[Dataset entries]
- Opening Delimiter -

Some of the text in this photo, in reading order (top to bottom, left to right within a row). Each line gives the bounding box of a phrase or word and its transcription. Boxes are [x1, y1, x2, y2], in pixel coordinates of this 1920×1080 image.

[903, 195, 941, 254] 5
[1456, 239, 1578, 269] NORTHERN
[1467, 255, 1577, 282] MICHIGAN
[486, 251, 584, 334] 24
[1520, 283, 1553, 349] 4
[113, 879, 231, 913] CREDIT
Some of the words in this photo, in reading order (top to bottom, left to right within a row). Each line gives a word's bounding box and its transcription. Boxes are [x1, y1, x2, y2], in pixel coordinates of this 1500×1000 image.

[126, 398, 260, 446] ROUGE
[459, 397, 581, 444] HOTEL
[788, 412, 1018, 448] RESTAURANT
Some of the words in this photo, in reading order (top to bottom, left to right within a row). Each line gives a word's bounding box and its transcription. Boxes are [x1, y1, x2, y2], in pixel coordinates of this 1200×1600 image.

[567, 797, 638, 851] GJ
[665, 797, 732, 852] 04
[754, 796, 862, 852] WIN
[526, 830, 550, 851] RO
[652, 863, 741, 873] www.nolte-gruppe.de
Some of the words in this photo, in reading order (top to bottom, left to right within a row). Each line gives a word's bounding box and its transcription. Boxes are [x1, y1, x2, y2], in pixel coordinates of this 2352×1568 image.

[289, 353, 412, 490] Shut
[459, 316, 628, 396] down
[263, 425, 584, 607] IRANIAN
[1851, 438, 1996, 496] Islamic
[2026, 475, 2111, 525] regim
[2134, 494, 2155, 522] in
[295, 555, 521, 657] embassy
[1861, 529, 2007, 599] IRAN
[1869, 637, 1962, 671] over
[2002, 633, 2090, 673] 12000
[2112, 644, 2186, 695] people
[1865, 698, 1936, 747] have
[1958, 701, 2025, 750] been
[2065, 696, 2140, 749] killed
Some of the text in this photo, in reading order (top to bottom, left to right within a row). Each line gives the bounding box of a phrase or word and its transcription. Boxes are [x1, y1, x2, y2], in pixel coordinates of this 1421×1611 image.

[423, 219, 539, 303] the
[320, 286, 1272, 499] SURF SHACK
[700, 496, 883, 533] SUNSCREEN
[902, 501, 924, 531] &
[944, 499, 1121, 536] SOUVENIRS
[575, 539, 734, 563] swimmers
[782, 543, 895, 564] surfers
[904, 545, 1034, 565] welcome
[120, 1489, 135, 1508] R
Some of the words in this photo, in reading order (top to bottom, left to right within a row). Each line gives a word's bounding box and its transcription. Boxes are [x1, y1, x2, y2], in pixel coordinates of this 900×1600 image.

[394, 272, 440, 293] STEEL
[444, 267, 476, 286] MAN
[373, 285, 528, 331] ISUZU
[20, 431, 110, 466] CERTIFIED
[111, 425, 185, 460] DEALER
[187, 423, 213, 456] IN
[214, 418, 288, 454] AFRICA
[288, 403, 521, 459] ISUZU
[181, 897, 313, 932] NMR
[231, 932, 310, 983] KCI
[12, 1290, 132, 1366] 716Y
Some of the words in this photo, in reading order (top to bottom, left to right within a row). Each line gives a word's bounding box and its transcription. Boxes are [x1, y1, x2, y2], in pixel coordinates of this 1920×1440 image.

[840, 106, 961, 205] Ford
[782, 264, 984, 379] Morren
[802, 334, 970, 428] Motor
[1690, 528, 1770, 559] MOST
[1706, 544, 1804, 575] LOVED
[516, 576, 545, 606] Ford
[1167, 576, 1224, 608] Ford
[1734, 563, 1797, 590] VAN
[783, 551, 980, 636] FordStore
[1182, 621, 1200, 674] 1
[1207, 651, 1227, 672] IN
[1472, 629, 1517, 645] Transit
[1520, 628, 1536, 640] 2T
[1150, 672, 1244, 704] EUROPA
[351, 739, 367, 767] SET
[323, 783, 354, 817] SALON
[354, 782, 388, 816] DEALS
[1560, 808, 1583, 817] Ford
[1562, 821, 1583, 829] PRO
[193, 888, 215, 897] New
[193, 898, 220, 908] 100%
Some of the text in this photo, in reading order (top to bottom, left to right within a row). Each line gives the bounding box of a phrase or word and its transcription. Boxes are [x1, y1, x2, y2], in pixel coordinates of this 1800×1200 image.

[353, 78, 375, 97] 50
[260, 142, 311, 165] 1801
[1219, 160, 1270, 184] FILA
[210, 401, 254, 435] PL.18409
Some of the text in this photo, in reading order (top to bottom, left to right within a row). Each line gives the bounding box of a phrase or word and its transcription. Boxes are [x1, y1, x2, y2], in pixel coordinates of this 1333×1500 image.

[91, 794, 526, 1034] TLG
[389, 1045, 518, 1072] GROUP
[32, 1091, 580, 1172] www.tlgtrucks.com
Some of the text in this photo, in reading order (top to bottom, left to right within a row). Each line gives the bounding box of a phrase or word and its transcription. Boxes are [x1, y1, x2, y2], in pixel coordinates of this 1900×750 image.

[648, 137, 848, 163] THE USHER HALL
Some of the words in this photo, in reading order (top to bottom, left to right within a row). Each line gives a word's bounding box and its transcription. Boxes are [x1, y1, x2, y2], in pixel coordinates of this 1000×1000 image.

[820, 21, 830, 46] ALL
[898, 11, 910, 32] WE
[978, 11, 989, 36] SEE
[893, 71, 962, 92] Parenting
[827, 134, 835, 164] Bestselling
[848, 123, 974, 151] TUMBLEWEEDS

- Closing Delimiter -

In full and without alteration, write out the data above.

Some of the text in this photo, in reading order (top to bottom, left to right within a row). Each line gives the bounding box of a phrase or word and its transcription. Boxes are [x1, y1, x2, y2], in pixel coordinates of this 1920×1080 image.

[903, 195, 941, 254] 5
[1456, 239, 1578, 269] NORTHERN
[1467, 255, 1577, 282] MICHIGAN
[486, 251, 584, 334] 24
[1520, 283, 1553, 349] 4
[113, 879, 231, 913] CREDIT
Some of the words in this photo, in reading order (top to bottom, left to right within a row). Each line gives a word's bounding box and its transcription. Boxes are [x1, y1, x2, y2], in pixel coordinates of this 1500×1000 image.

[126, 398, 260, 446] ROUGE
[459, 397, 581, 444] HOTEL
[788, 412, 1018, 448] RESTAURANT
Some of the words in this photo, in reading order (top to bottom, left to right within a row). Each line gives a word's bounding box and its transcription. Boxes are [x1, y1, x2, y2], in pixel coordinates of this 1200×1600 image.

[567, 797, 638, 851] GJ
[665, 797, 732, 852] 04
[754, 796, 862, 852] WIN
[526, 830, 550, 851] RO
[652, 863, 741, 873] www.nolte-gruppe.de
Some of the words in this photo, in reading order (top to bottom, left to right within a row). Each line gives a word's bounding box and its transcription. Boxes are [x1, y1, x2, y2], in pixel coordinates of this 2352×1568 image.

[289, 353, 412, 490] Shut
[459, 316, 628, 396] down
[263, 425, 584, 607] IRANIAN
[1851, 438, 1996, 496] Islamic
[2026, 475, 2111, 525] regim
[2134, 494, 2155, 522] in
[295, 555, 521, 657] embassy
[1861, 529, 2007, 599] IRAN
[1869, 637, 1962, 671] over
[2002, 633, 2090, 673] 12000
[2112, 644, 2186, 695] people
[1865, 698, 1936, 747] have
[1958, 701, 2025, 750] been
[2065, 696, 2140, 749] killed
Some of the text in this photo, in reading order (top to bottom, left to right within a row). Each line gives the bounding box of a phrase or word and its transcription. Boxes are [x1, y1, x2, y2], in pixel coordinates of this 1421×1611 image.

[423, 219, 539, 303] the
[320, 286, 1272, 499] SURF SHACK
[700, 496, 883, 533] SUNSCREEN
[902, 501, 924, 531] &
[944, 499, 1121, 536] SOUVENIRS
[575, 539, 734, 563] swimmers
[782, 543, 895, 564] surfers
[904, 545, 1034, 565] welcome
[120, 1489, 135, 1508] R
Some of the words in this photo, in reading order (top to bottom, left to right within a row). Each line gives a word's bounding box and its transcription. Boxes are [x1, y1, x2, y2], in pixel coordinates of this 900×1600 image.

[394, 272, 440, 293] STEEL
[444, 267, 476, 286] MAN
[373, 285, 528, 331] ISUZU
[20, 431, 110, 466] CERTIFIED
[111, 425, 185, 460] DEALER
[187, 423, 213, 456] IN
[214, 418, 288, 454] AFRICA
[288, 403, 521, 459] ISUZU
[181, 897, 313, 932] NMR
[231, 932, 310, 983] KCI
[12, 1290, 132, 1366] 716Y
Some of the words in this photo, in reading order (top to bottom, left to right within a row). Each line gives a word's bounding box and its transcription. Boxes are [x1, y1, x2, y2], in pixel coordinates of this 1920×1440 image.

[840, 106, 961, 205] Ford
[782, 264, 984, 379] Morren
[802, 334, 970, 428] Motor
[1690, 528, 1770, 559] MOST
[1706, 544, 1804, 575] LOVED
[516, 576, 545, 606] Ford
[1167, 576, 1224, 608] Ford
[1734, 563, 1797, 590] VAN
[783, 551, 980, 636] FordStore
[1182, 621, 1200, 674] 1
[1207, 651, 1227, 672] IN
[1472, 629, 1517, 645] Transit
[1520, 628, 1536, 640] 2T
[1150, 672, 1244, 704] EUROPA
[351, 739, 367, 767] SET
[323, 783, 354, 817] SALON
[354, 782, 388, 816] DEALS
[1560, 808, 1583, 817] Ford
[1562, 821, 1583, 829] PRO
[193, 888, 215, 897] New
[193, 898, 220, 908] 100%
Some of the text in this photo, in reading order (top to bottom, left to right within a row). Each line gives the bounding box of a phrase or word and its transcription. Boxes are [x1, y1, x2, y2], in pixel coordinates of this 1800×1200 image.

[353, 78, 375, 97] 50
[260, 142, 311, 165] 1801
[1219, 160, 1270, 184] FILA
[210, 401, 254, 435] PL.18409
Some of the text in this photo, in reading order (top to bottom, left to right within a row). Each line gives the bounding box of a phrase or word and its transcription. Boxes are [x1, y1, x2, y2], in pixel coordinates of this 1333×1500 image.

[91, 794, 526, 1034] TLG
[389, 1045, 518, 1072] GROUP
[32, 1091, 580, 1172] www.tlgtrucks.com
Some of the text in this photo, in reading order (top to bottom, left to right within a row). Each line gives the bounding box of a phrase or word and its transcription. Boxes are [x1, y1, x2, y2], in pixel coordinates of this 1900×750 image.

[648, 137, 848, 163] THE USHER HALL
Some of the words in this photo, in reading order (top to bottom, left to right within a row). Each line gives a word's bounding box and its transcription. Boxes are [x1, y1, x2, y2], in pixel coordinates of this 1000×1000 image.

[820, 21, 830, 46] ALL
[898, 11, 910, 32] WE
[978, 11, 989, 36] SEE
[893, 71, 962, 92] Parenting
[827, 134, 835, 164] Bestselling
[848, 123, 974, 151] TUMBLEWEEDS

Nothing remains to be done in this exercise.